June 2, 2011 at 11:25 am
I’m spooked – we keep hens and one of them is named Rigby after Eleanor. All our hens have been named after Beatles lyrics. We have a Lucy and a Pepper too, sadly Vera, Chuck, Dave and Rita are no more and no we didn’t make a series of batshit masks out of them.
As it happens, I was digging in the garden the other week and I accidentally dug up Rita who looked remarkably similar to this piece of asylum horror.
June 2, 2011 at 11:32 am
I just shat myself.
Thanks for the nightmares.
June 2, 2011 at 11:38 am
Hidden due to low comment rating. Click here to see.
June 2, 2011 at 11:55 am
Story time! When I was a kid my uncle was seeing this rather “lovely” woman. We’d go over sometimes to play with our cousins. Well, when I saw this mask the worst part was that I was hit with an incredible scent memory, so it felt like I could smell it. This lady used to take the skin off of chicken she was cooking (to make it healthy for the kids) and she’d take the skin on a plate, put it in the microwave and zap it until it turned into these greasy, nasty, crunchy balls of microwaved skin/fat. Oh God, the smell. *hurk* She’d eat it! Ugghhh… I feel queasy.
June 2, 2011 at 12:06 pm
I was relieved that she didn’t put them on her face.. I thought that was going to be the story time end.
June 2, 2011 at 12:13 pm
Yeah, I don’t think we’d have been allowed to go see them if they did that.
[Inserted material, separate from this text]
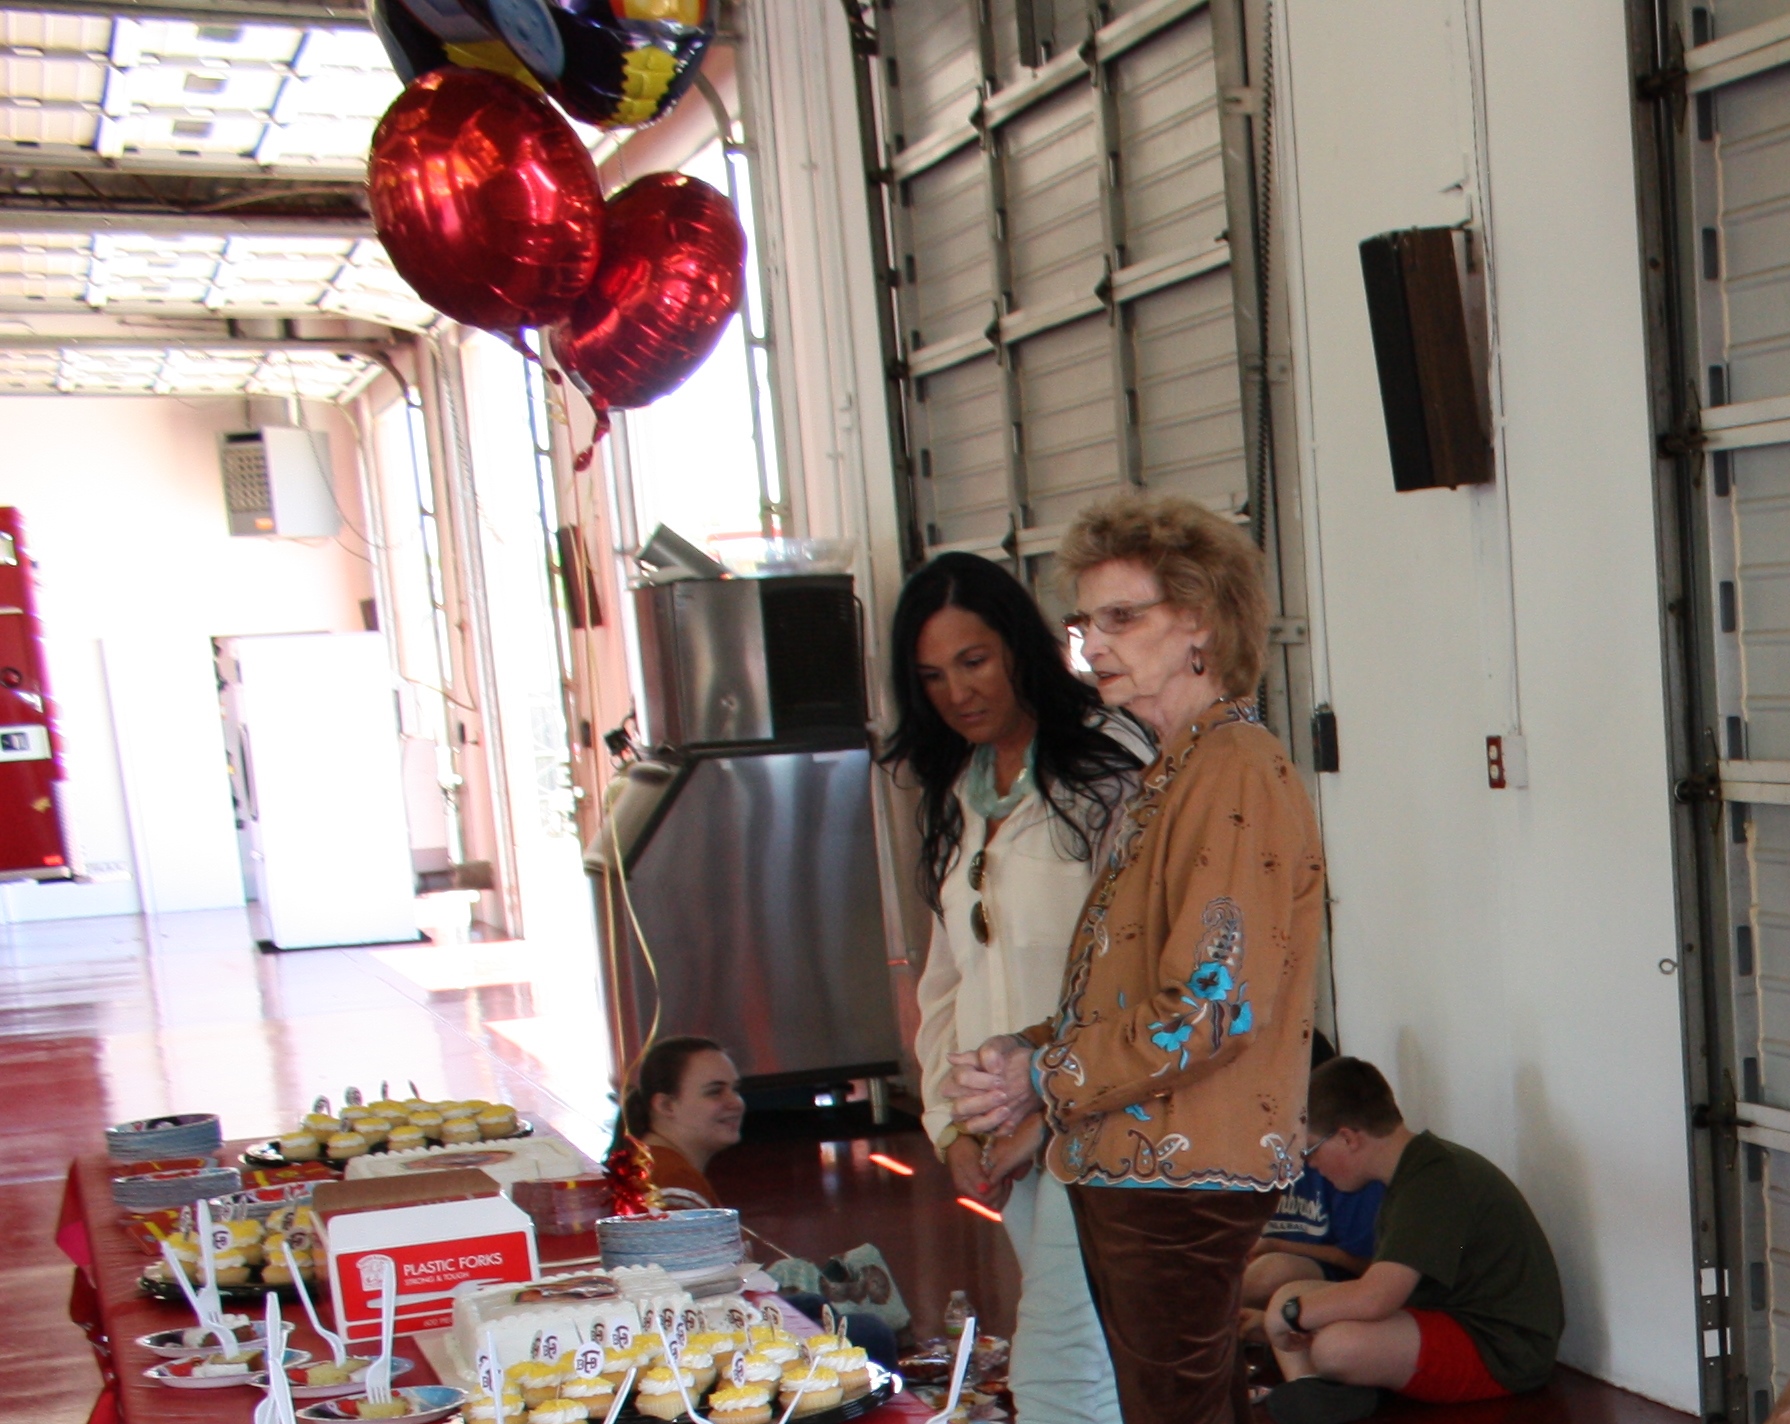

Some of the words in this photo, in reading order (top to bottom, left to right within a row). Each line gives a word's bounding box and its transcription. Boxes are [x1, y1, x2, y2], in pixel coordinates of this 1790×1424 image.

At least I hope not! It wouldn’t be too far off in looks if she had, though. This whole ordeal is just completely unnerving! I need a brain cleanser.
June 2, 2011 at 3:13 pm
Isn’t that how they make pork rinds?
June 2, 2011 at 7:32 pm
I believe pork rinds are fried. The smell of sizzling chicken skin in a microwave oven from raw, though. I don’t even know how to describe it, but it haunts me.
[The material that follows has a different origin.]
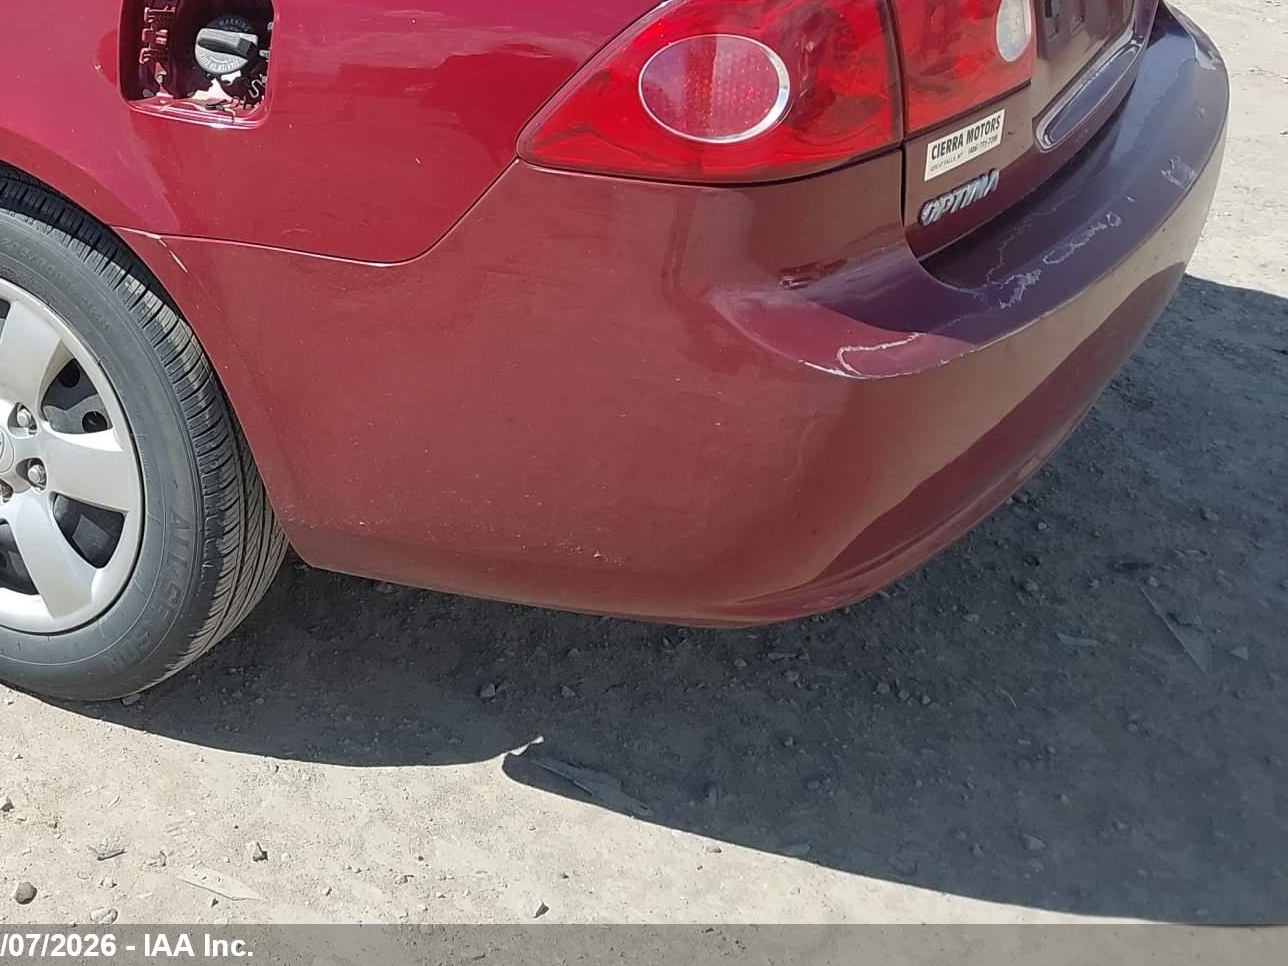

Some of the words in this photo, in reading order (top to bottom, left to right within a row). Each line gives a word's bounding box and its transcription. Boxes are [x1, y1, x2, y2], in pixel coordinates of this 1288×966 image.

[931, 132, 964, 161] CIERRA
[966, 114, 1001, 146] MOTORS
[918, 167, 1000, 227] OPTIMA
Those other directions you’ve wandered probably wouldn’t be far off for my uncle and his relationship adventures during his life.
June 2, 2011 at 3:25 pm
I started to read your story and thought you’d written
‘this rather lovely “woman.”
It was going in other directions in my head, far away from chicken skin.
June 3, 2011 at 5:15 am
I didn’t think it was possible, but this disturbs me even more than the mask! The visual this ave me is gonna haunt my dreams. *shudder*
June 2, 2011 at 12:03 pm
What would cause the train of thought from dinner to this monstrosity?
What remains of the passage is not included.